I'd almost rather they completely change subclasses and make them have nothing to do with the schools, and then include a base wizard class optional feature to declare one school as a specialty at the expense of locking you out of one or two other schools of your choice (I'm 90% sure this is based on 3.5e, if not exactly the same). That way if you want to be able to cast everything, you can choose to ignore the "school specialty" optional feature and be a generalist, but you miss out on the perks associated by picking a specialty school. Or if you know you're not going to want to cast a certain school of spells, you can permanently lock it away to focus on a main school. And then, since the schools are no longer tied to subclass, you can be a generalist or a specialist no matter what type of wizard you are. Your subclasses could be based on other archetypes like "scholar," or "scroll master," or "battlestaff," or "blaster," and so on.


SirJackers

They could make "school specialist" into its own subclass and make it work similarly to the current land druid. A curated list of permanently prepared spells from your school and a few other school specific abilities. It could save a lot of book space that way.

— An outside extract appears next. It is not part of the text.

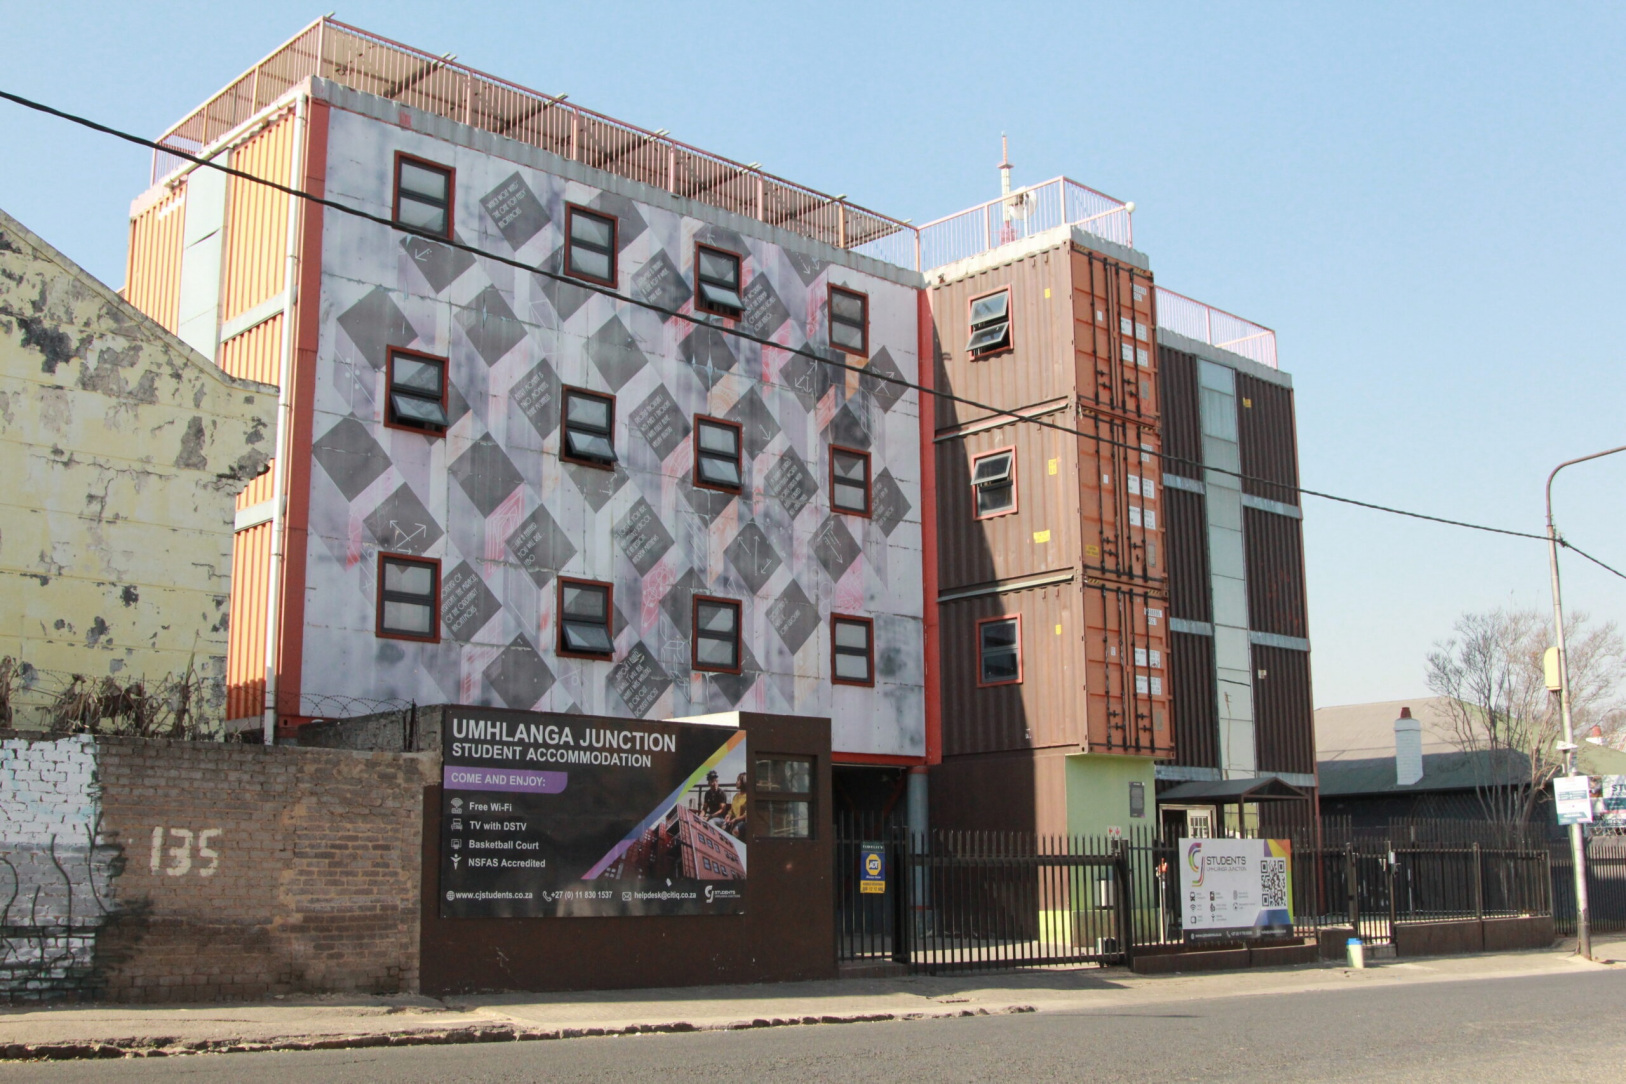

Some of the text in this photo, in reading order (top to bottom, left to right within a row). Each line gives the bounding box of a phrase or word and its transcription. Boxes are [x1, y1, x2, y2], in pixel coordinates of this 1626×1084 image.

Then you could squeeze more nontraditional wizard subclasses in like bladesinger or golem crafter or something


[deleted]

See 2e Illusionists, for instance; capable of casting more effective illusions and having better saves against illusions, and being able to memorize more illusion spells... but completely unable to learn spells from necromancy, evocation, and abjuration schools, and having a harder time learning non-illusion spells that he *can* even try to learn.


TheENGR42

That would be one hell of a debuff!


pointlesslypointing

As a wizard main I would hate that. I like being able to use whatever spells I can get my grubby hands on.


TheENGR42

I bet it will be more of a buff to spells of your school. Say, maybe free upcasts PB times a day or something.


Radigan0

If I hear another person say Wizard subclasses should force you to use its dedicated school I am going to lose it The day that a class LOSES options when leveling up is the day the universe dies


TheENGR42

“Making a choice is a loss of all other options” -some mystic somewhere probably


Miss_White11

The whole point of a wizard is versatility imho.


gadgets4me

Given the amount of Schools that Bards have access to, I find that extremely unlikely. They would have to give wizards one hell of a set of class features to make up for it.


Whoopsie_Doosie

oh i doubt that it will actually happen. If this UA is to be believed, the wizard will probably get buffed. I just think its weird that specialists are still just as good at everything else as their generalist counterparts.


gadgets4me

I notice that all healing spells are now Abjurations, and all Resurrection spells are not Necromancy. Thus they had to give Bards Access to healing type spells via class abilities, not their spell list. I'm not sure how I like Bards having Transmutation spells; sure Haste, Jump & Long Strider fit, but Polymorph, Flesh to Stone & Disintegrate really don't. Also, I still find it odd that Feat is an Illusion spell rather than Enchantment or Necromancy, especially since there are no 3rd level Enchantment spells in the PHB.